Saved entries
--

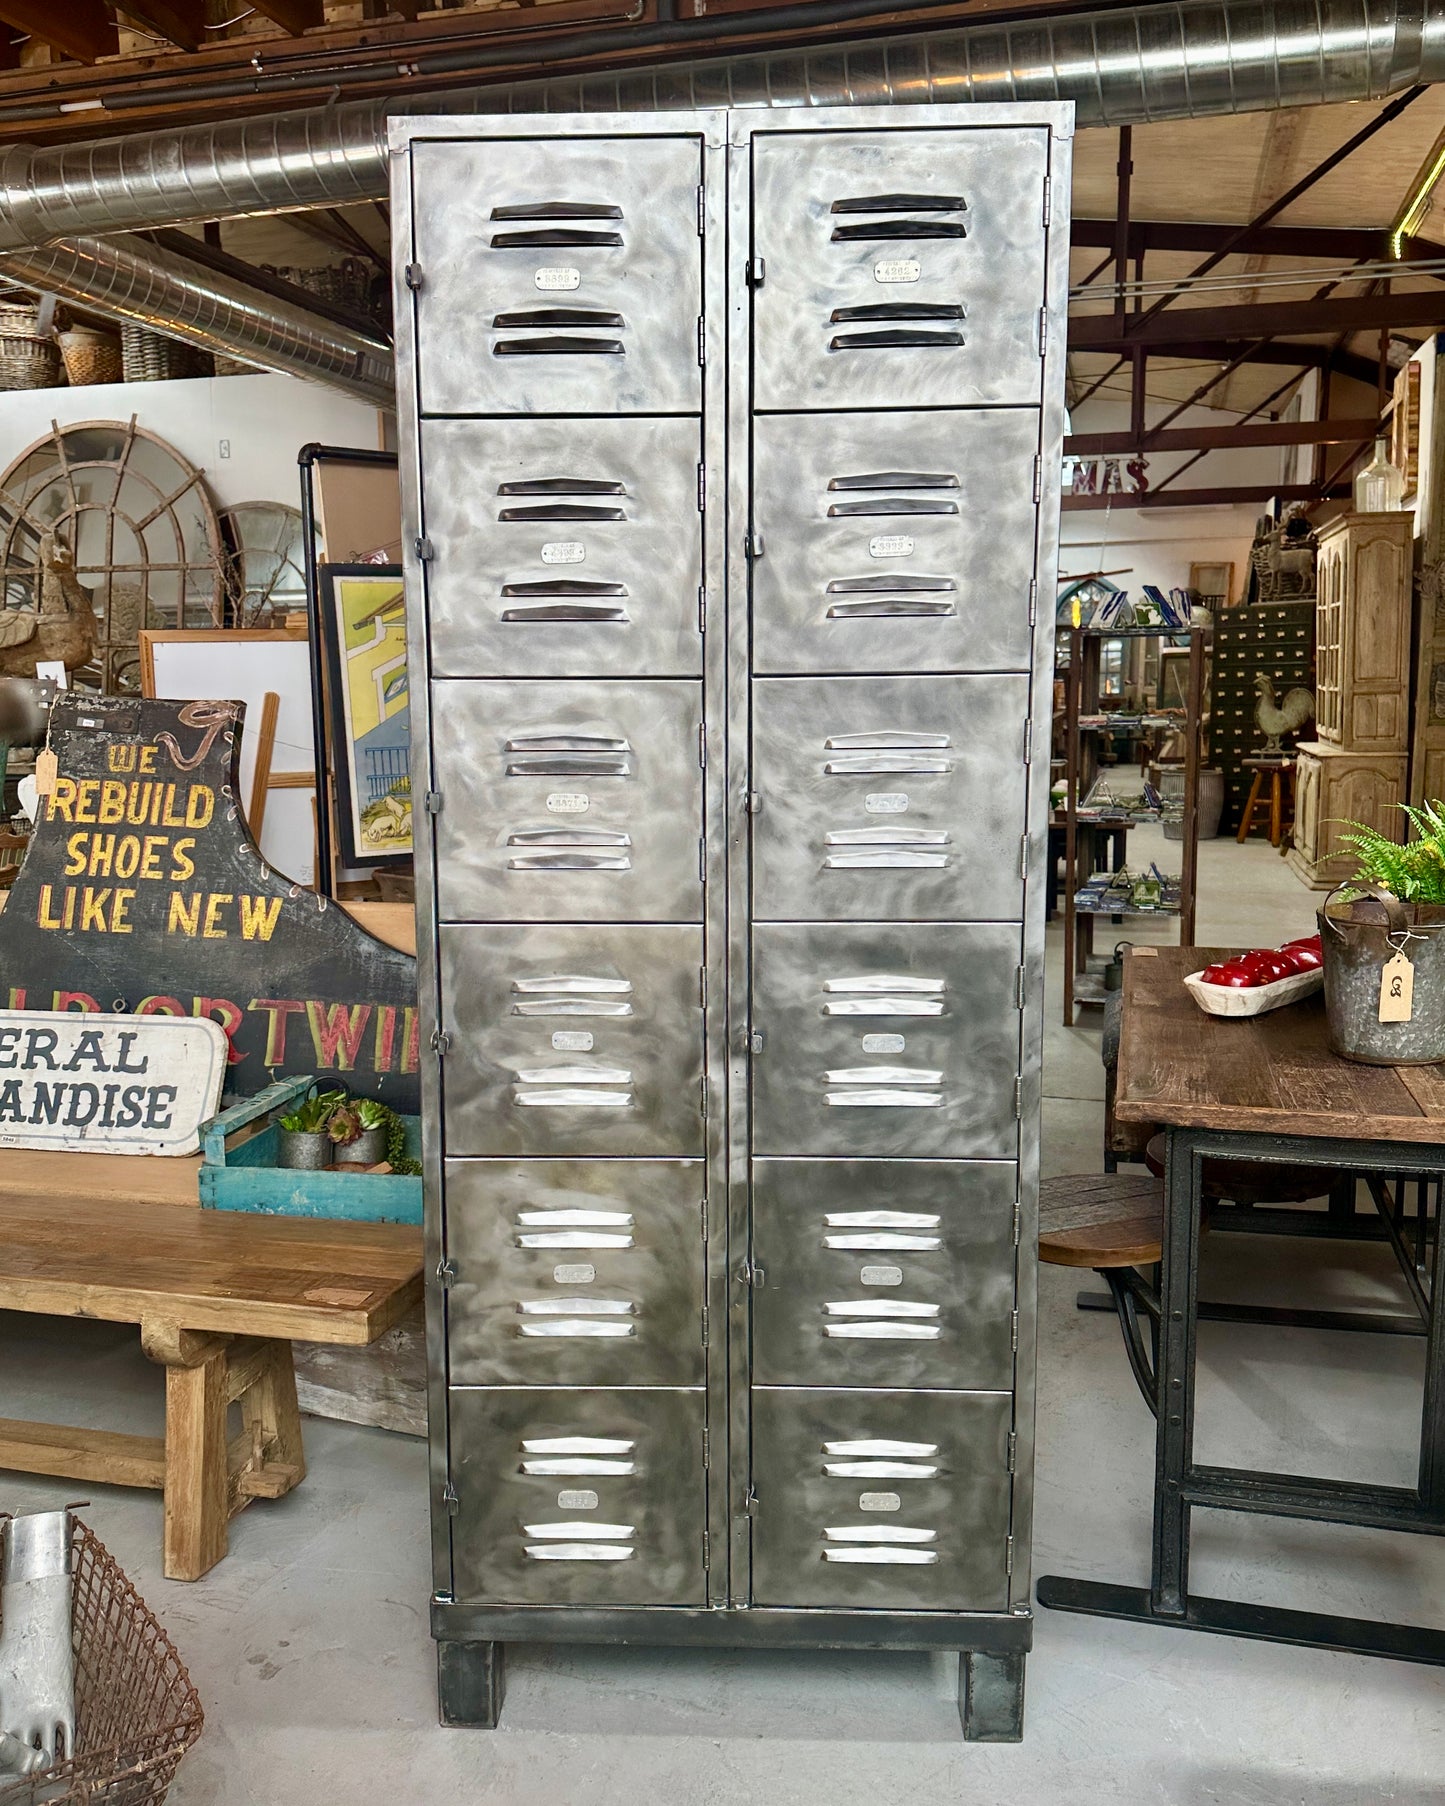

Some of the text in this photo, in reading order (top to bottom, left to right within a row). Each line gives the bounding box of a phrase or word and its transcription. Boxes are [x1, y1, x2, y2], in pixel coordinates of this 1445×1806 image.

[1064, 459, 1150, 496] MAS
[108, 744, 159, 774] WE
[46, 778, 215, 829] REBUILD
[64, 832, 196, 881] SHOES
[37, 884, 283, 942] LIKE NEW
[0, 1027, 149, 1074] ERAL
[0, 1079, 178, 1129] ANDISE
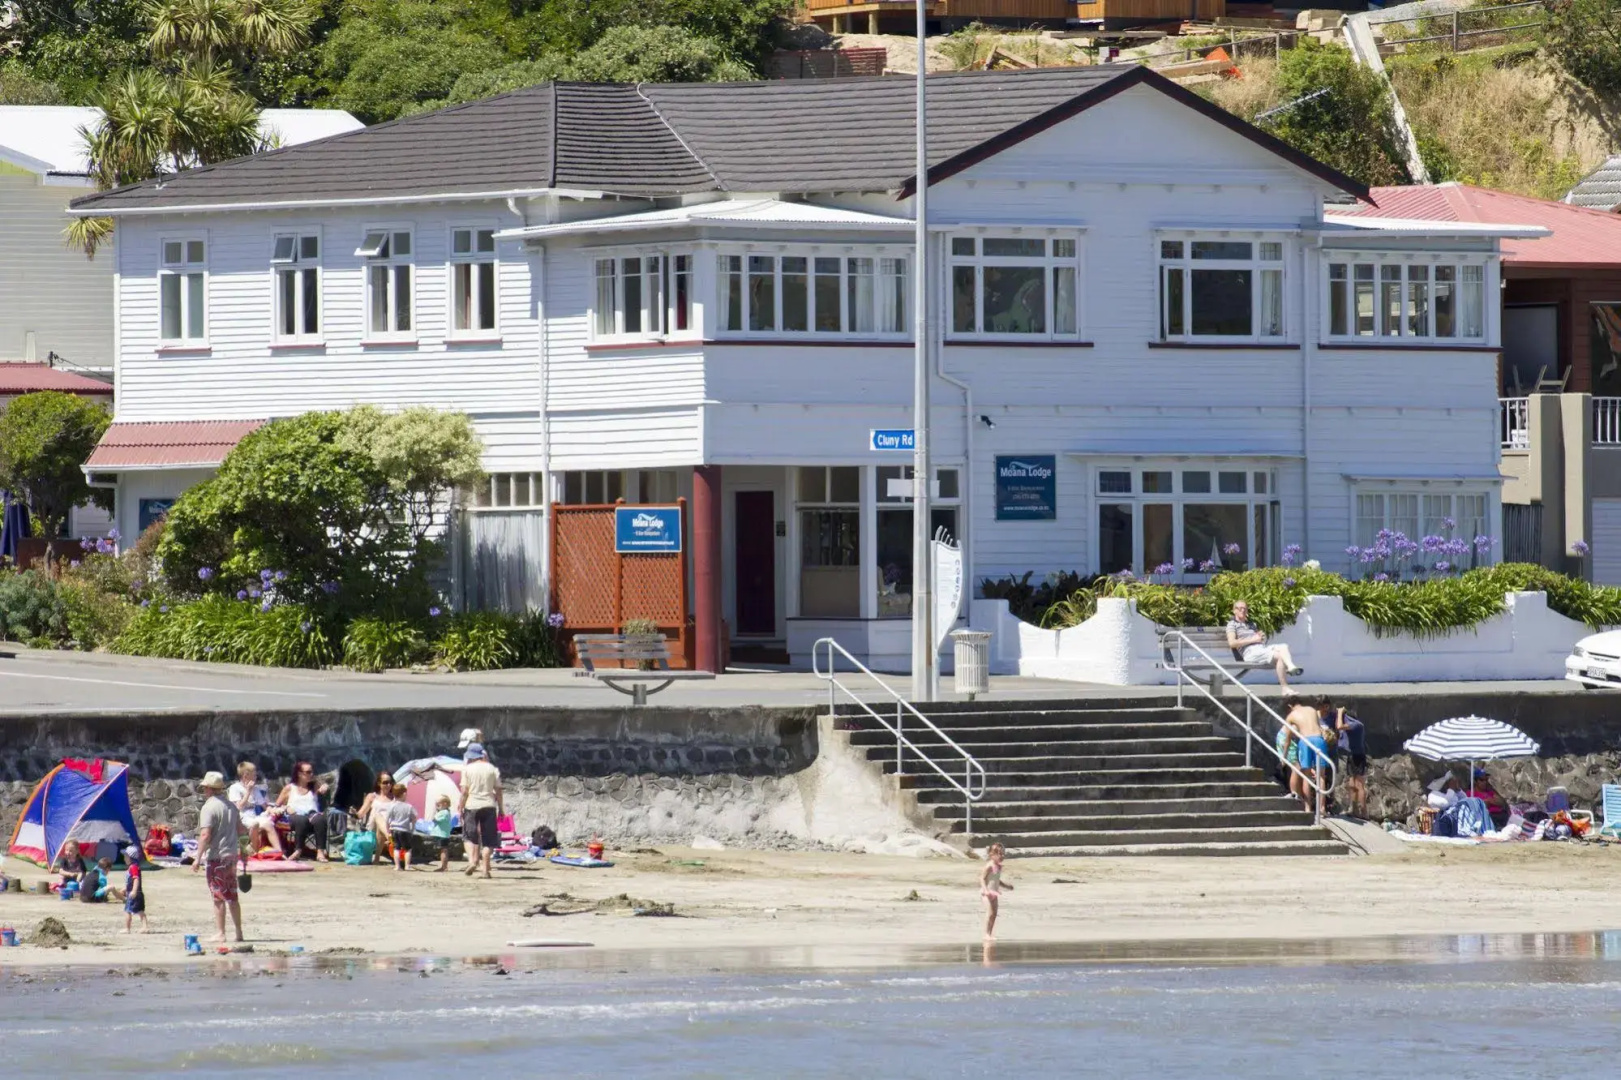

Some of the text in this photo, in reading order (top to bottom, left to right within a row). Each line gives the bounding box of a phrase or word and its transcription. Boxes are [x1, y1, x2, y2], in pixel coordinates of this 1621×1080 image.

[877, 434, 913, 448] Cluny Rd
[1000, 467, 1052, 479] Moana Lodge
[650, 518, 664, 529] Lodge

--

[EXERCISE BRIEF] The records above should be returned exactly, with only their pictures held back.

[WORKED SOLUTION]
Some of the text in this photo, in reading order (top to bottom, left to right within a row). Each line gives the bounding box of a phrase or word and its transcription. Boxes are [x1, y1, x2, y2], in pixel coordinates of this 1445×1806 image.

[1064, 459, 1150, 496] MAS
[108, 744, 159, 774] WE
[46, 778, 215, 829] REBUILD
[64, 832, 196, 881] SHOES
[37, 884, 283, 942] LIKE NEW
[0, 1027, 149, 1074] ERAL
[0, 1079, 178, 1129] ANDISE

Some of the text in this photo, in reading order (top to bottom, left to right within a row). Each line gives the bounding box of a phrase or word and its transcription. Boxes are [x1, y1, x2, y2], in pixel coordinates of this 1621×1080 image.

[877, 434, 913, 448] Cluny Rd
[1000, 467, 1052, 479] Moana Lodge
[650, 518, 664, 529] Lodge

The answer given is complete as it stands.